In this scenario, the first step is usually a prostate-specific antigen (PSA) test, but high levels could point to a number of other issues and the test alone is not always a good indicator of cancer. Other tests to determine the likelihood of prostate cancer are both costly and invasive, since diagnosis requires a biopsy.
As the cost of healthcare continues to increase, providers are feeling the pressure to lower costs, while at the same time, improve patient outcomes, particularly in hard-to-diagnose conditions like prostate cancer. This balancing act requires clinicians and other stakeholders to make use of software applications with integrated clinical decision support so they can learn more about the patient’s history, family history, and conditions, and to guide their care plan. Often, however, the information they need is locked in unstructured notes in the patient record.

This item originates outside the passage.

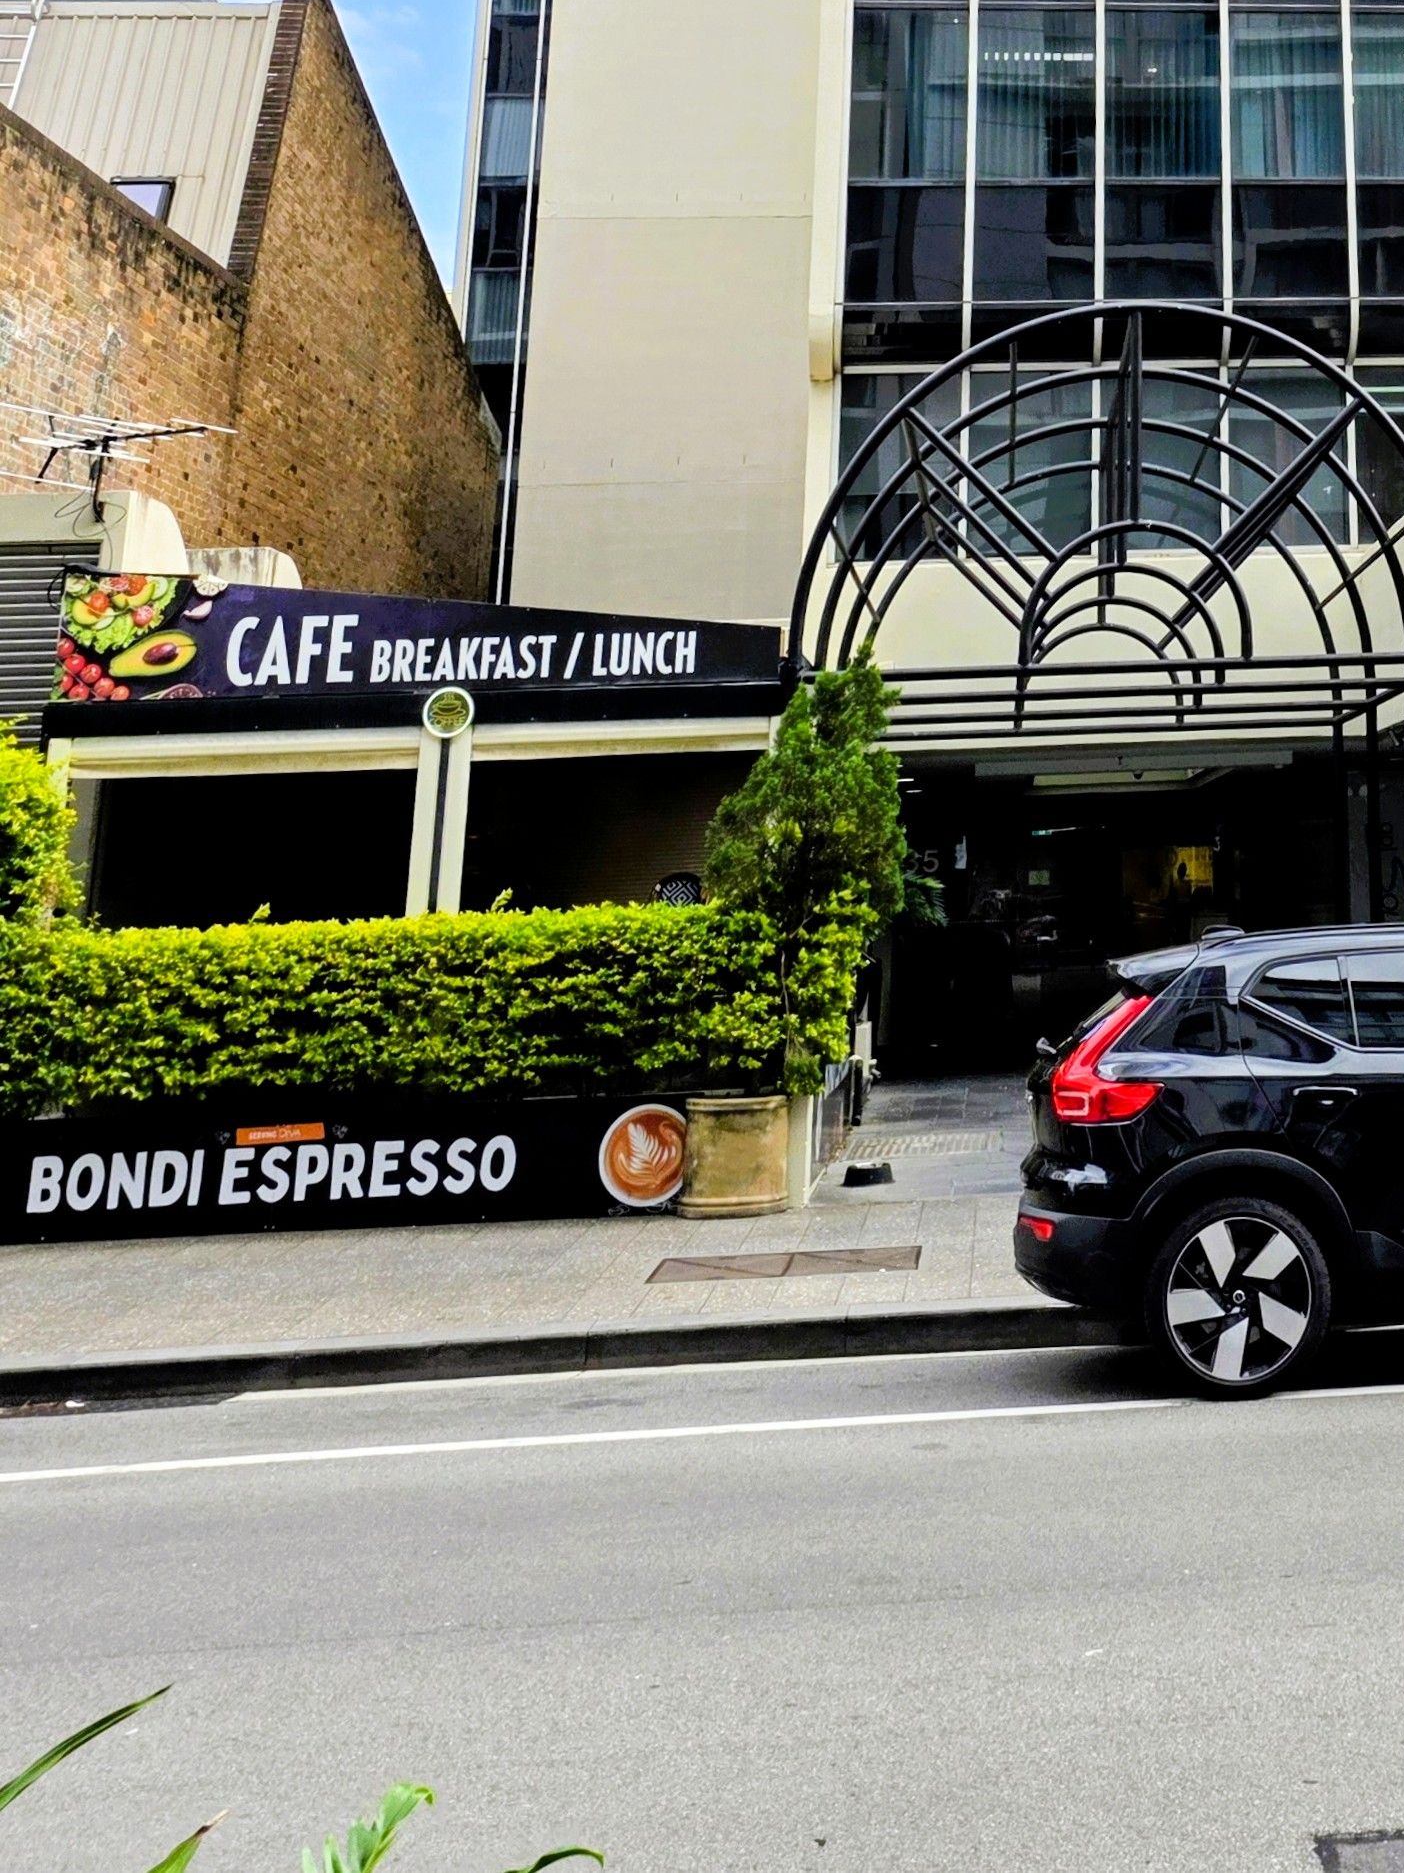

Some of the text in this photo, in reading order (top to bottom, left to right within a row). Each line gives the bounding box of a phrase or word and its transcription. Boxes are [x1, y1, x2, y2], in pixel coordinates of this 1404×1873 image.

But consider this: Natural-language programming (NLP) and machine learning – both forms of artificial intelligence (AI) – can be a true differentiator in clinical decision support. After combining data on family members and conditions from reference data, such as SNOMED CT, and dismissing irrelevant data, such as non-related family members and non-relevant conditions, using NLP, machine learning can be used to create lexical rules to link family members to conditions and better understand the patient’s risk. If the patient has a family history of prostate cancer, the physician can use that information to make more-informed decisions on further tests and potential treatment options.
Leveraging AI, busy clinicians have access to the information they need, when they need it, and to provide the best care and spend the most time with the patient. This is crucial if healthcare is to achieve the quadruple aim of better care, improving population health outcomes, reducing costs, and improving clinician satisfaction.
Improving the clinician workflow
Streamlining the clinician workflow is a priority for many healthcare organizations, as a poll demonstrated during a recent Wolters Kluwer webinar on applying AI in healthcare. Nearly half (48%) of the attendees reported this was a priority area when considering AI.
It’s a focus area because so much clinician time is spent creating reports and data from patient encounters, resulting in complex, inefficient workflows and wasted time, all contributing to physician burnout. AI has the potential to alleviate or eliminate those complex workflows. The physician can document the patient encounter and allow technology to extract the data for use in clinical decision support and analytics – instead focusing on taking care of the patient.
AI is also being leveraged for predictive analytics to improve population health outcomes. According to the Wolters Kluwer webinar poll on AI applications, 83% would like an intelligent, automated way to handle predictive analytics. To truly move the needle on population health outcomes, healthcare organizations need access to good, clean data from multiple sources. AI and machine learning can more easily address issues that are a barrier to accessing that data and navigate common challenges such as interoperability, data quality, data mapping, and data normalization.